(Referring expression grounding data)
[Start of Attachment]
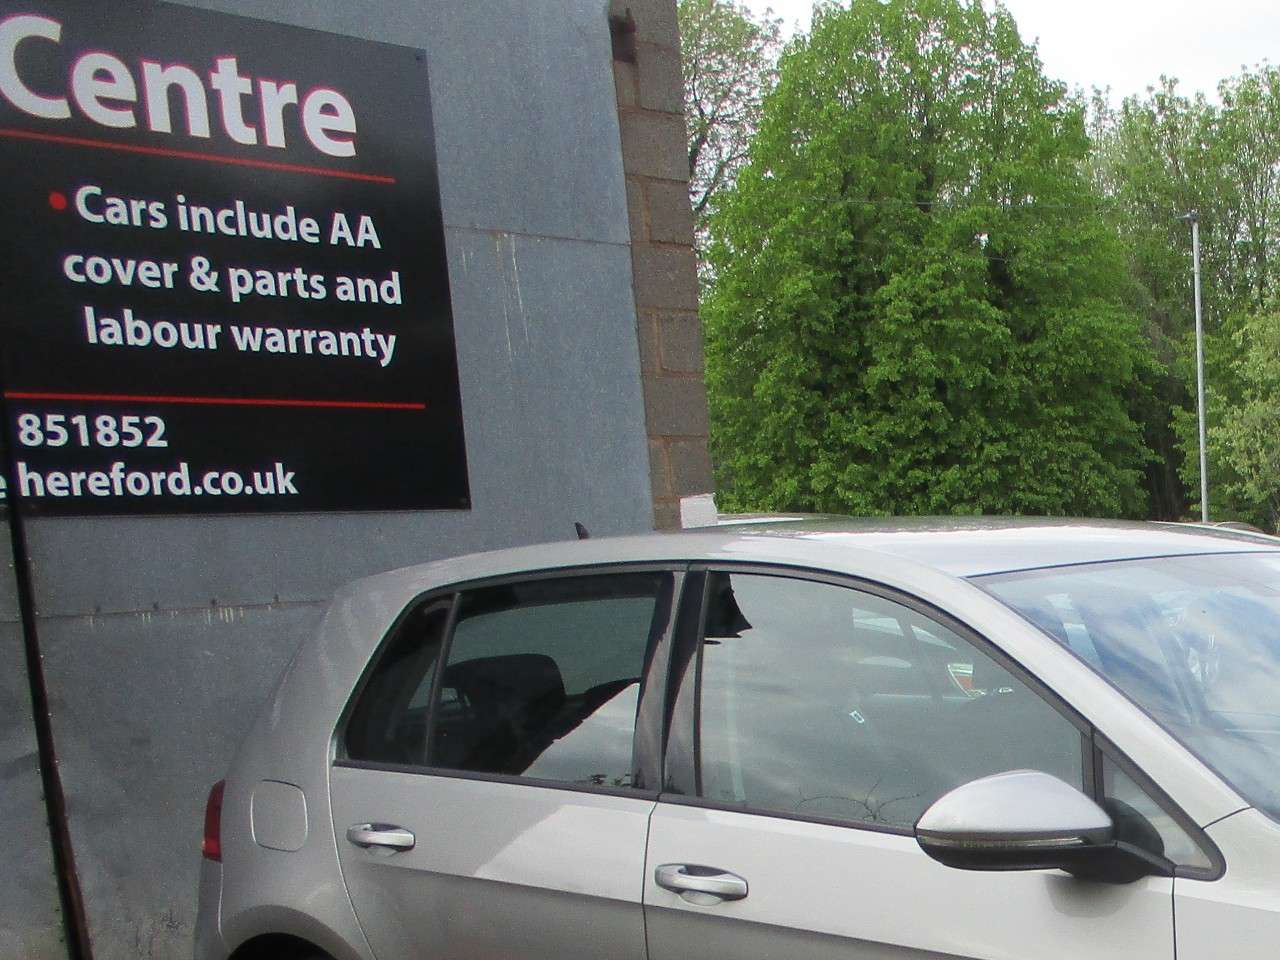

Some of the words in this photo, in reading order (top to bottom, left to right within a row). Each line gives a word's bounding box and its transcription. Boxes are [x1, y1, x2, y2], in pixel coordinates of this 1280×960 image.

[0, 15, 356, 157] Centre
[75, 186, 168, 229] Cars
[177, 195, 320, 244] include
[330, 214, 382, 249] AA
[63, 254, 177, 289] cover
[189, 256, 220, 293] &
[229, 267, 326, 302] parts
[336, 272, 403, 305] and
[84, 306, 221, 350] labour
[231, 322, 397, 367] warranty
[18, 413, 168, 447] 851852
[17, 461, 299, 497] hereford.co.uk
[End of Attachment]
Transcribe every record above exactly, leaving out the pictures.

Task output:
Some of the words in this photo, in reading order (top to bottom, left to right within a row). Each line gives a word's bounding box and its transcription. Boxes are [x1, y1, x2, y2], in pixel coordinates of this 1280×960 image.

[0, 15, 356, 157] Centre
[75, 186, 168, 229] Cars
[177, 195, 320, 244] include
[330, 214, 382, 249] AA
[63, 254, 177, 289] cover
[189, 256, 220, 293] &
[229, 267, 326, 302] parts
[336, 272, 403, 305] and
[84, 306, 221, 350] labour
[231, 322, 397, 367] warranty
[18, 413, 168, 447] 851852
[17, 461, 299, 497] hereford.co.uk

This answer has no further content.